#### Work required
An exact copy of every entry is required, minus the pictures.

== Dataset content

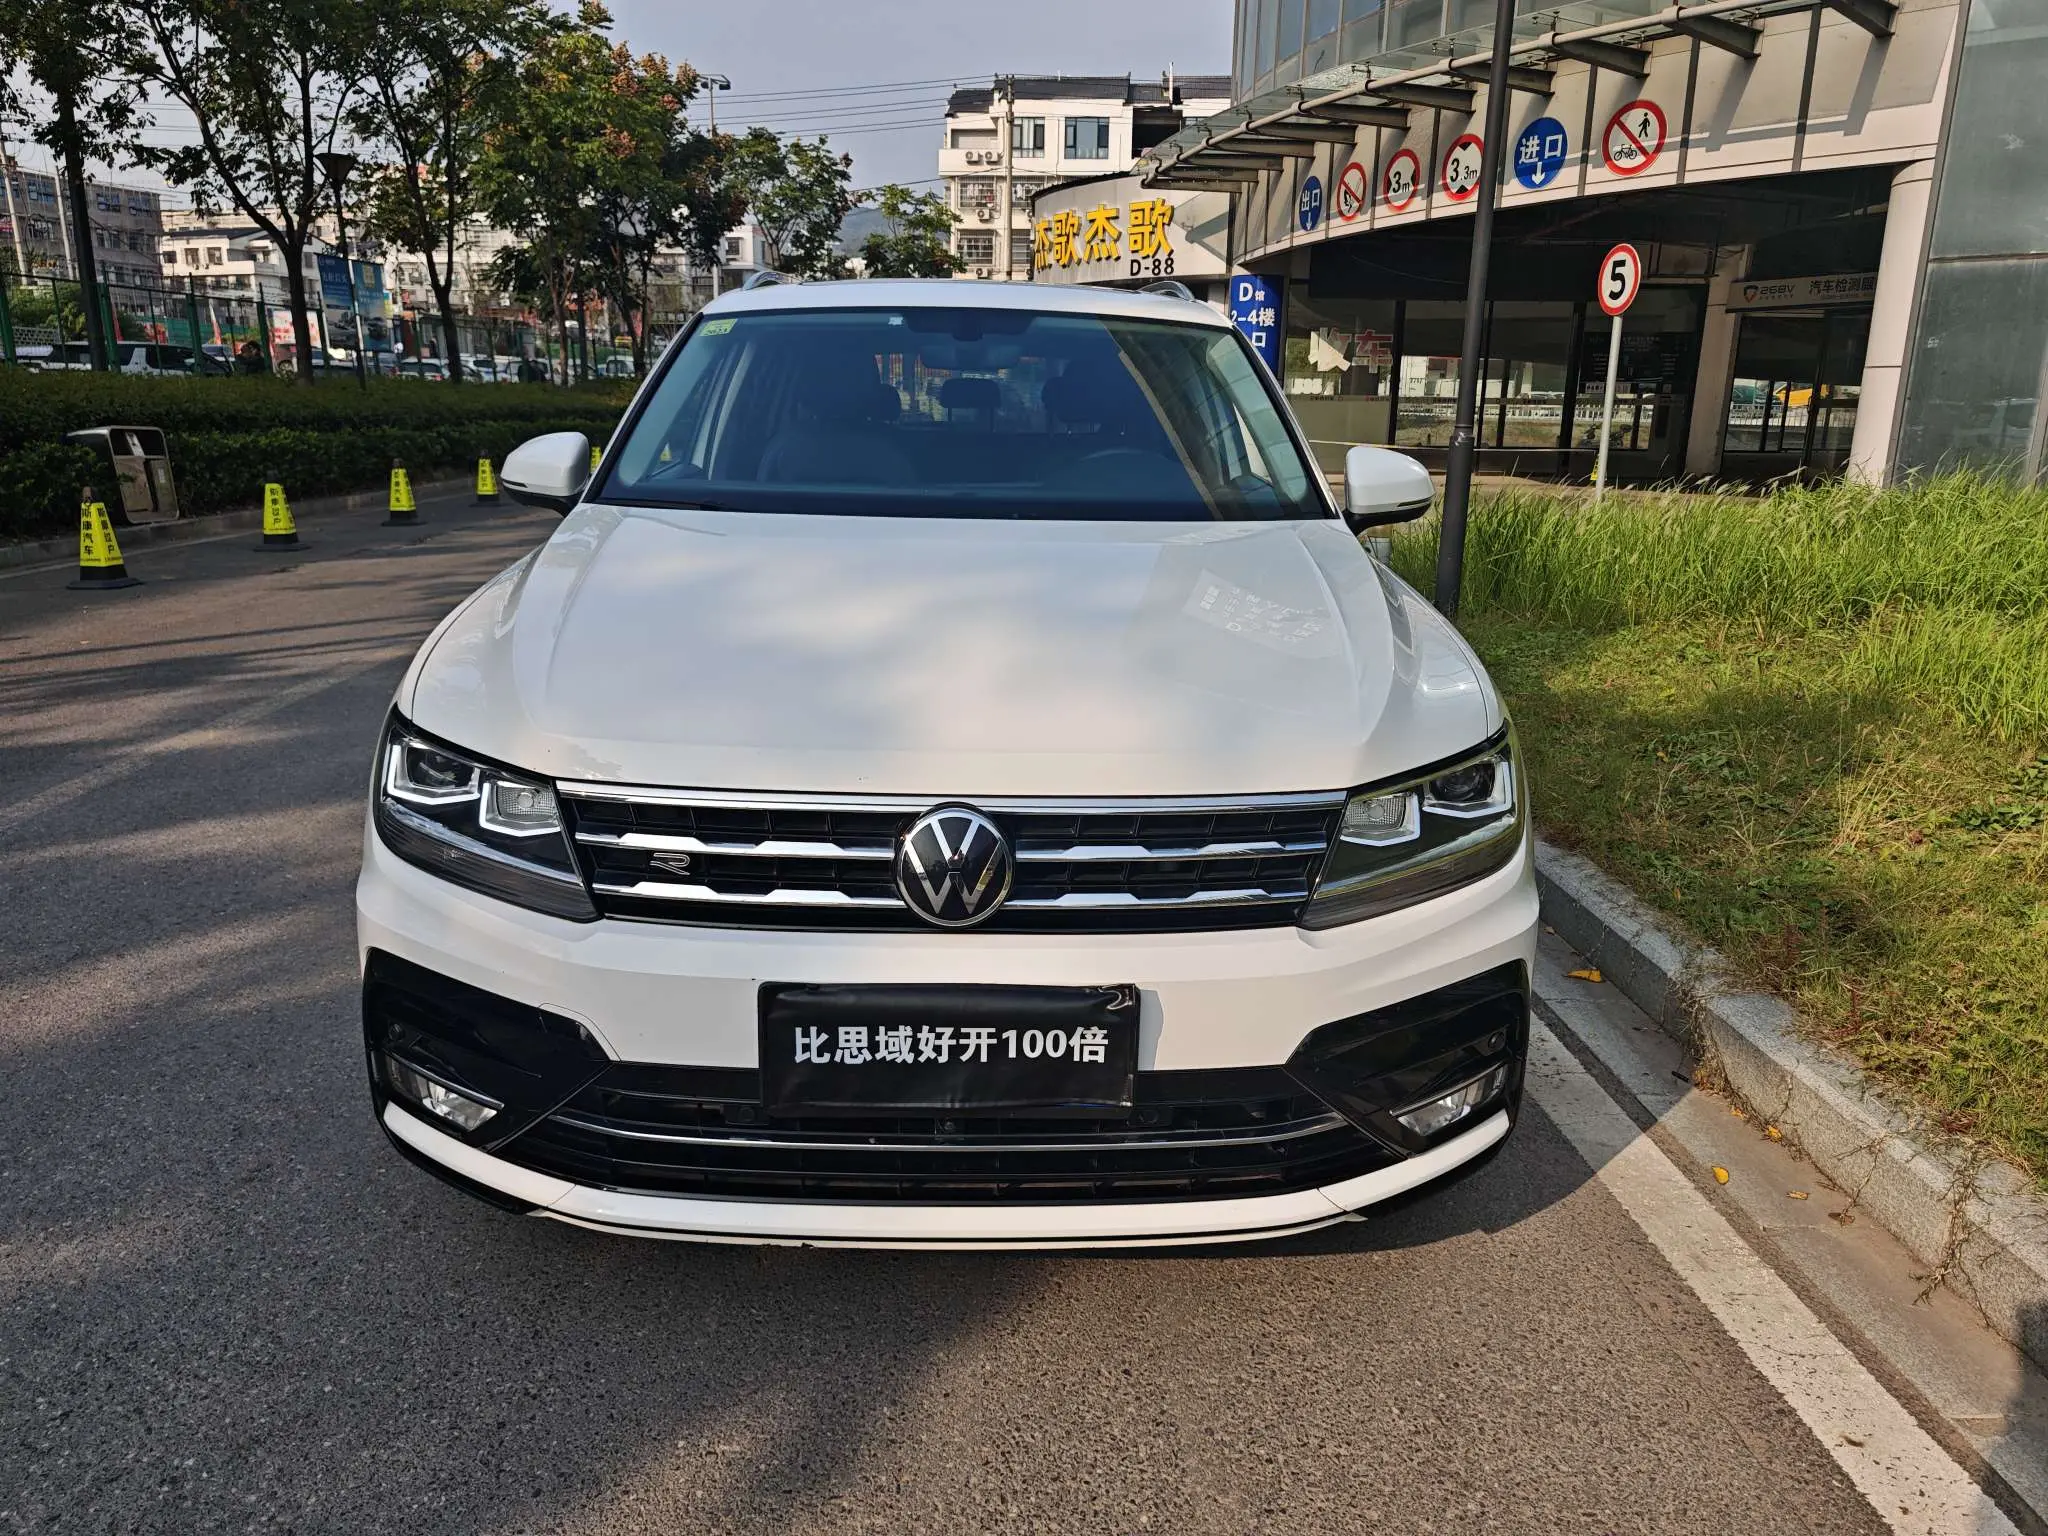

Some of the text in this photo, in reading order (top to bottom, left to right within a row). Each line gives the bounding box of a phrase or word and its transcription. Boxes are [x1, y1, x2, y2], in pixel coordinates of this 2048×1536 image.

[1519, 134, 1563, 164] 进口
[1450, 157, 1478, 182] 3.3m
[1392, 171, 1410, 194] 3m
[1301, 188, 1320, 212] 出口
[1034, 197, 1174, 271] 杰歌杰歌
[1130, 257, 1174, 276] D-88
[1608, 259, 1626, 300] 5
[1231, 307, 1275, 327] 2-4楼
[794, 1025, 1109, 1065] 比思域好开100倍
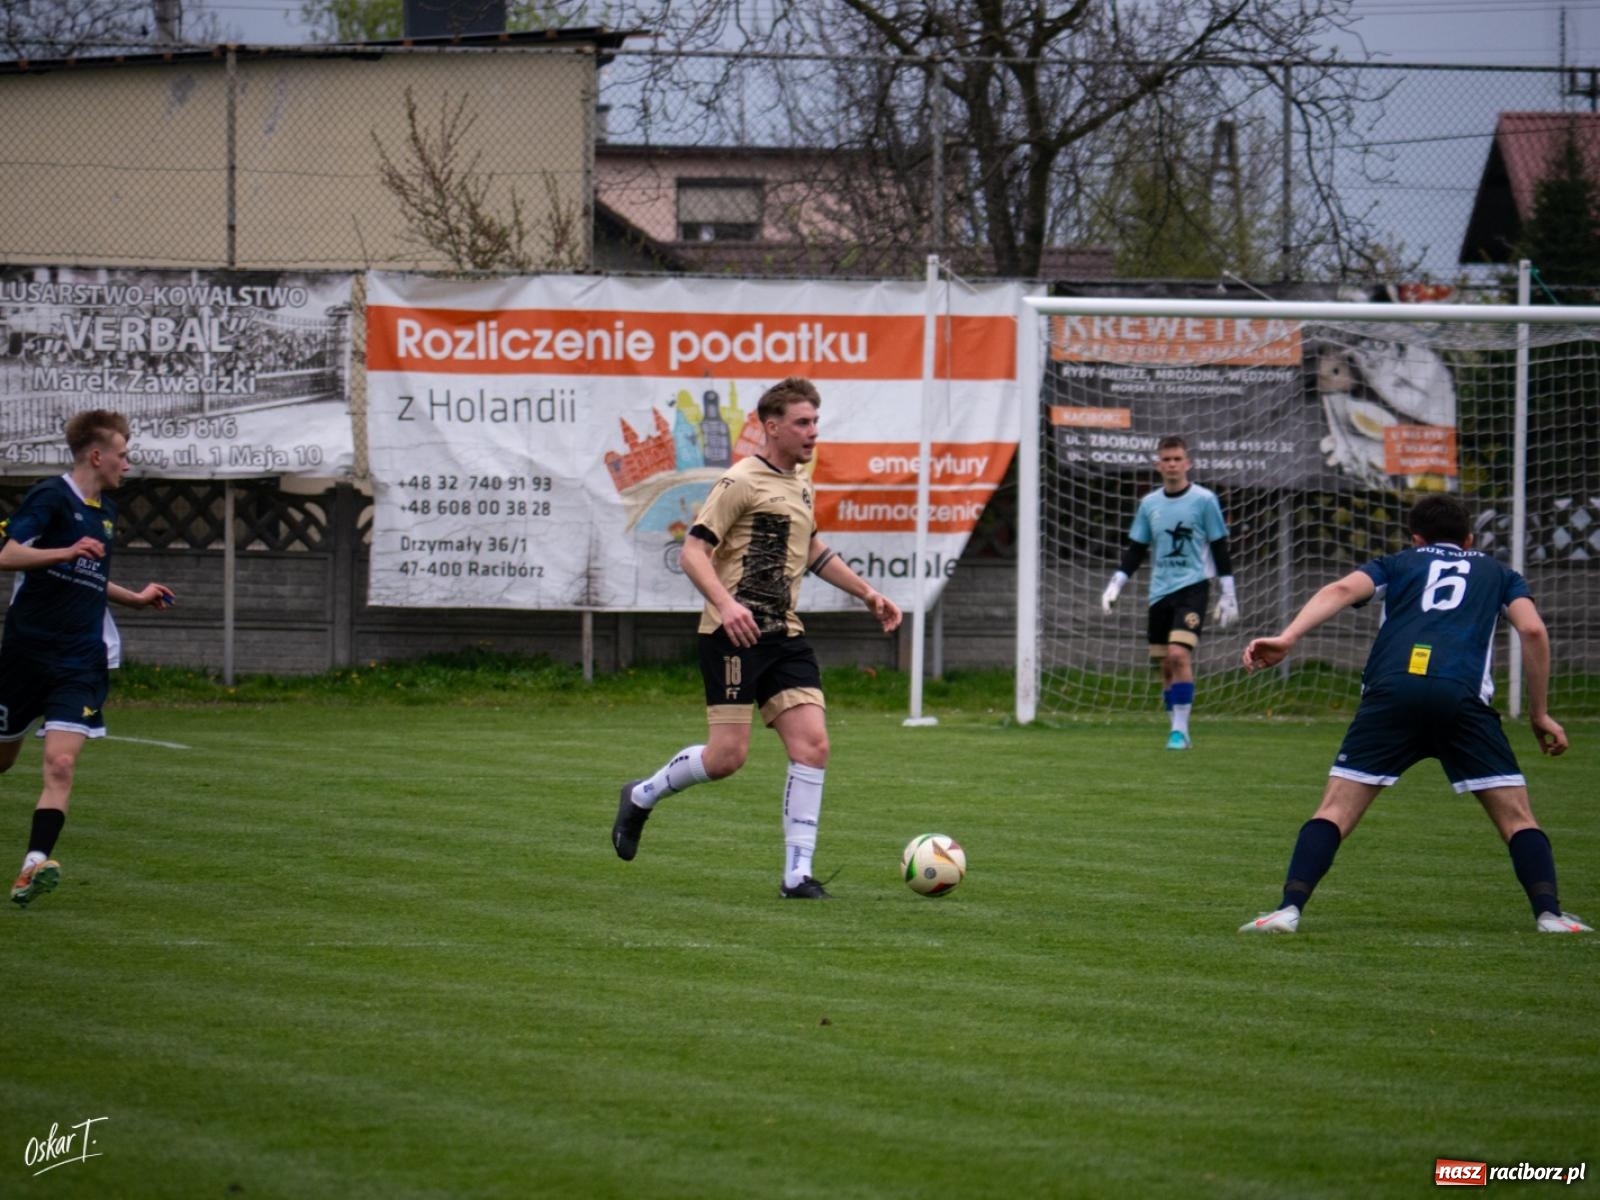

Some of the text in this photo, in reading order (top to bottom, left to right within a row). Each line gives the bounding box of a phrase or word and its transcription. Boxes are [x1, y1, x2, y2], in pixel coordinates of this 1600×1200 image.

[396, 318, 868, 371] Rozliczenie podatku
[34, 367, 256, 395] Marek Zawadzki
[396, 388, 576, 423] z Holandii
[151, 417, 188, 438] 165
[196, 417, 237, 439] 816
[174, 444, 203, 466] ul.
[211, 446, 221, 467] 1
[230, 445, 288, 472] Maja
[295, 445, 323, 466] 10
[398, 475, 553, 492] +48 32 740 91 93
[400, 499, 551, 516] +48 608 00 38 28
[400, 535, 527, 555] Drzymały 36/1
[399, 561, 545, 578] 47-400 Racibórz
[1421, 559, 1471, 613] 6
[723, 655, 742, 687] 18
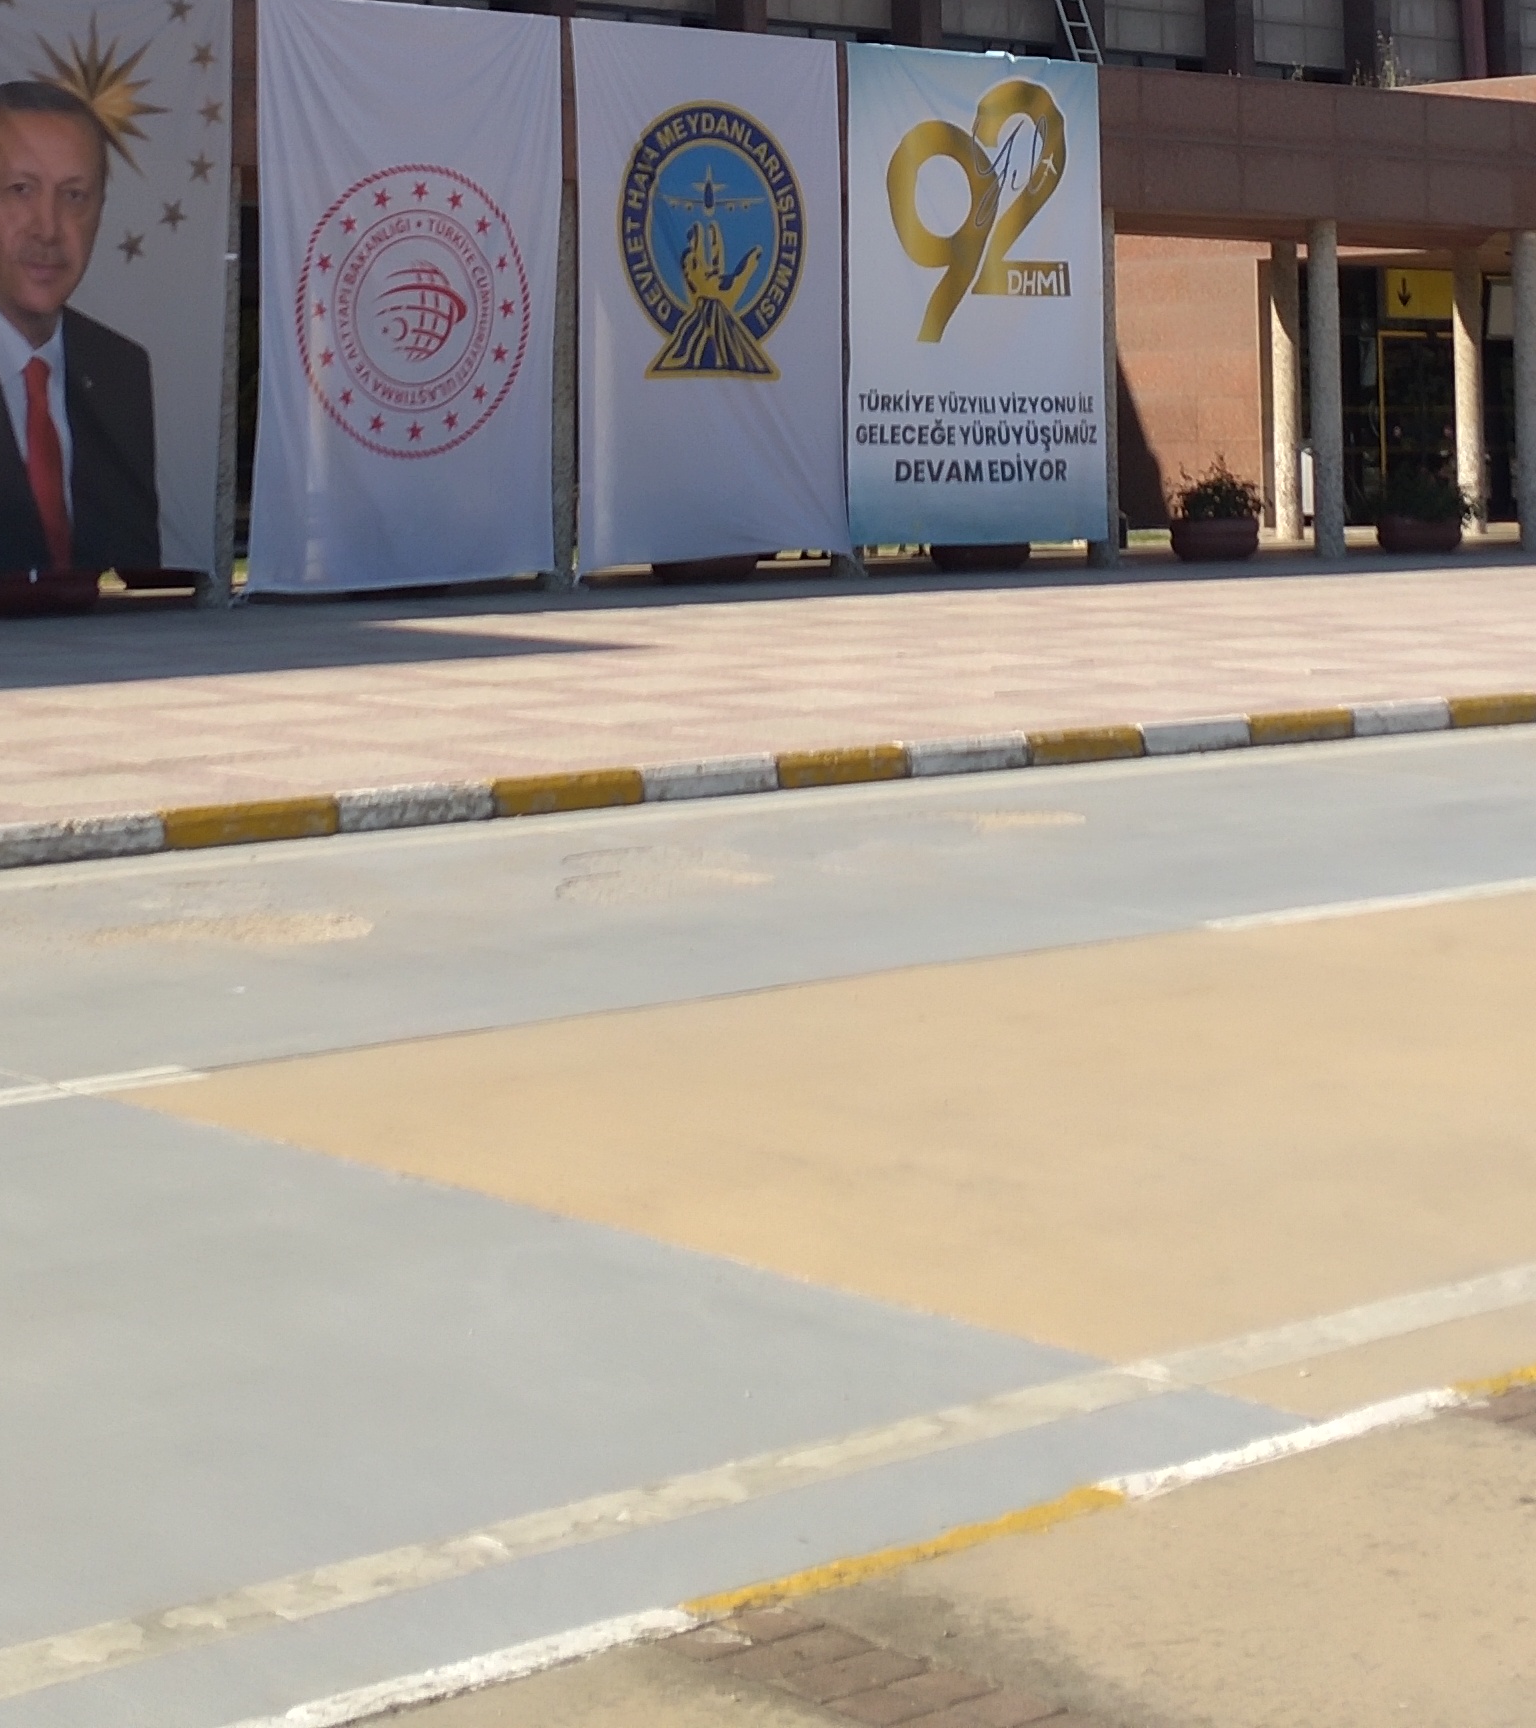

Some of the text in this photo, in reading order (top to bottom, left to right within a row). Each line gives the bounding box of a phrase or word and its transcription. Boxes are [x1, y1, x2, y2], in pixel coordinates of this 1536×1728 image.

====

#### Output of the task
Some of the text in this photo, in reading order (top to bottom, left to right within a row). Each line gives the bounding box of a phrase or word and its transcription. Boxes are [x1, y1, x2, y2], in pixel coordinates of this 2048×1536 image.

[1519, 134, 1563, 164] 进口
[1450, 157, 1478, 182] 3.3m
[1392, 171, 1410, 194] 3m
[1301, 188, 1320, 212] 出口
[1034, 197, 1174, 271] 杰歌杰歌
[1130, 257, 1174, 276] D-88
[1608, 259, 1626, 300] 5
[1231, 307, 1275, 327] 2-4楼
[794, 1025, 1109, 1065] 比思域好开100倍

Some of the text in this photo, in reading order (top to bottom, left to right within a row). Each line gives the bounding box of a phrase or word and its transcription. Boxes are [x1, y1, x2, y2], in pixel coordinates of this 1600×1200 image.

[396, 318, 868, 371] Rozliczenie podatku
[34, 367, 256, 395] Marek Zawadzki
[396, 388, 576, 423] z Holandii
[151, 417, 188, 438] 165
[196, 417, 237, 439] 816
[174, 444, 203, 466] ul.
[211, 446, 221, 467] 1
[230, 445, 288, 472] Maja
[295, 445, 323, 466] 10
[398, 475, 553, 492] +48 32 740 91 93
[400, 499, 551, 516] +48 608 00 38 28
[400, 535, 527, 555] Drzymały 36/1
[399, 561, 545, 578] 47-400 Racibórz
[1421, 559, 1471, 613] 6
[723, 655, 742, 687] 18

Some of the text in this photo, in reading order (top to bottom, left to right within a row). Each line gives the bounding box of a phrase or word and its transcription. Boxes are [x1, y1, x2, y2], in pixel coordinates of this 1536×1728 image.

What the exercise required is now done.